The data dilemma in enterprise AI
A hospital wants to improve its early disease detection model but only has data from its own patients. If it could combine its data with that of 50 other hospitals, the model would be significantly more accurate. However, sharing medical records between institutions presents enormous legal (GDPR), ethical, and technical barriers.
This same dilemma repeats in finance (fraud detection), manufacturing (predictive maintenance), agriculture (crop optimization), and virtually any sector where data is sensitive but the value of aggregating it would be immense.
What is federated learning?
Federated learning inverts the classical machine learning paradigm. Instead of centralizing data to train a model, it distributes the model to where the data resides. The process works as follows:
Distribution. Each participant receives a copy of the base model.
Local training. Each participant trains the model locally with their own data.
Update sharing. Only model updates (gradients or weights) are shared, never the original data.
Secure aggregation. A coordinator combines updates from all participants to produce an improved model.
Iteration. The cycle repeats until the model converges.
The result is a model trained with the data richness of all participating organizations, without any having revealed a single record to the others.
Federated learning in our data space
Our data space is incorporating federated learning capabilities as a natural extension of its architecture. The federated infrastructure already connecting participants (connectors, decentralized identity, verifiable agreements) is the ideal foundation for coordinating distributed training.
The approach envisions each data space connector acting as a training node. Local datasets are used for training without leaving the connector, and only model parameters are exchanged through existing secure channels, protected by mutual TLS and decentralized identity verification.

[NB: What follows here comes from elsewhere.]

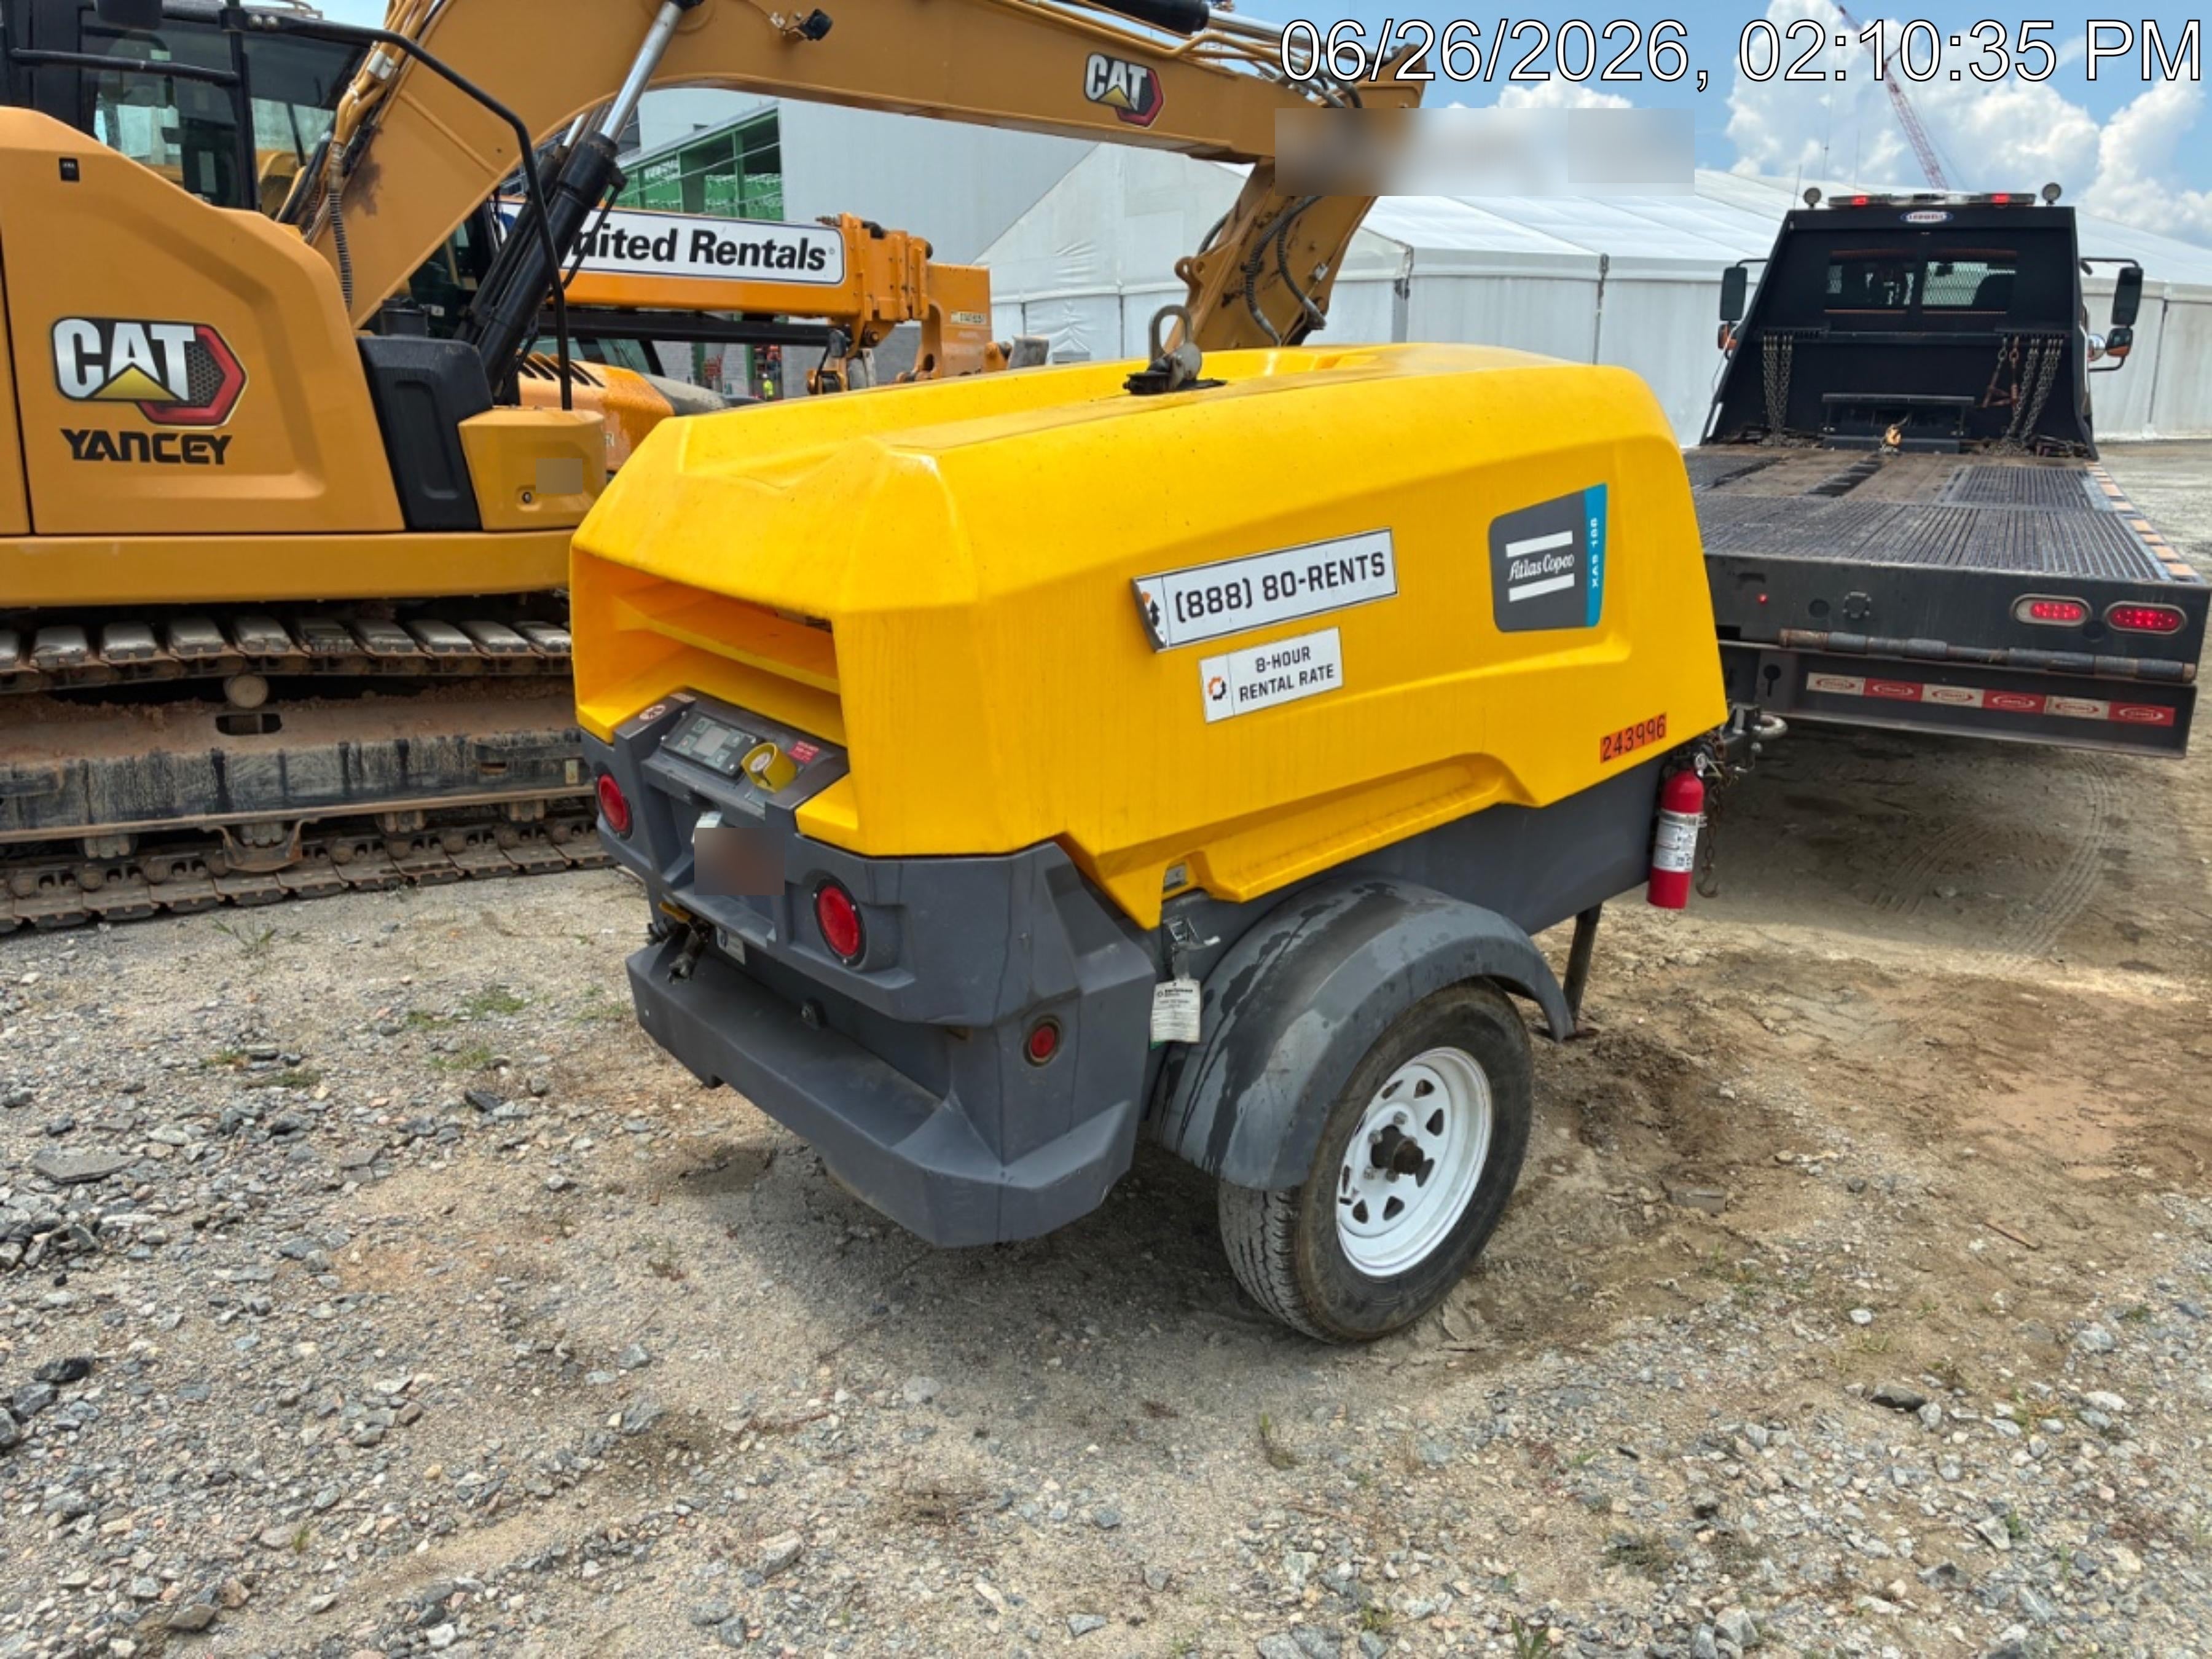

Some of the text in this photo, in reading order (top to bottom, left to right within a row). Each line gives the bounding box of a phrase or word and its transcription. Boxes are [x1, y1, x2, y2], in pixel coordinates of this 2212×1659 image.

Privacy by design, not as a patch
Unlike solutions that add privacy as an afterthought, our data space integrates protection from its foundational architecture. Data never leaves the participant's infrastructure (this principle applies to both data sharing and federated learning). Communication between connectors is protected by multiple authentication layers. And training agreements are recorded on blockchain for complete traceability.
Furthermore, secure aggregation protocols are designed to prevent model updates from leaking information about each participant's individual data.
Use cases: where federated learning makes the difference
Forestry and environment. Multiple regional administrations can jointly train fire detection or pest prediction models using data from their own monitoring stations, without centralizing sensitive environmental information.
Manufacturing. Factories sharing the same type of machinery can collaborate on predictive maintenance models, improving accuracy without revealing proprietary operational data.
Smart cities. Municipalities can co-train traffic management or energy consumption models without sharing citizens' personal data.
Agri-food chain. Producers, distributors, and retailers can develop demand forecasting models that benefit the entire chain while maintaining each actor's commercial confidentiality.
The future: collaborative AI at European scale
Federated learning integrated into data spaces is not just a technical improvement: it is a paradigm shift in how Europe can compete in artificial intelligence while respecting its own privacy and sovereignty standards. Instead of concentrating data on a few platforms, federated learning allows thousands of organizations to contribute to powerful models without ceding control of their most valuable asset.
Our data space is building the infrastructure to make this a reality, not an academic concept.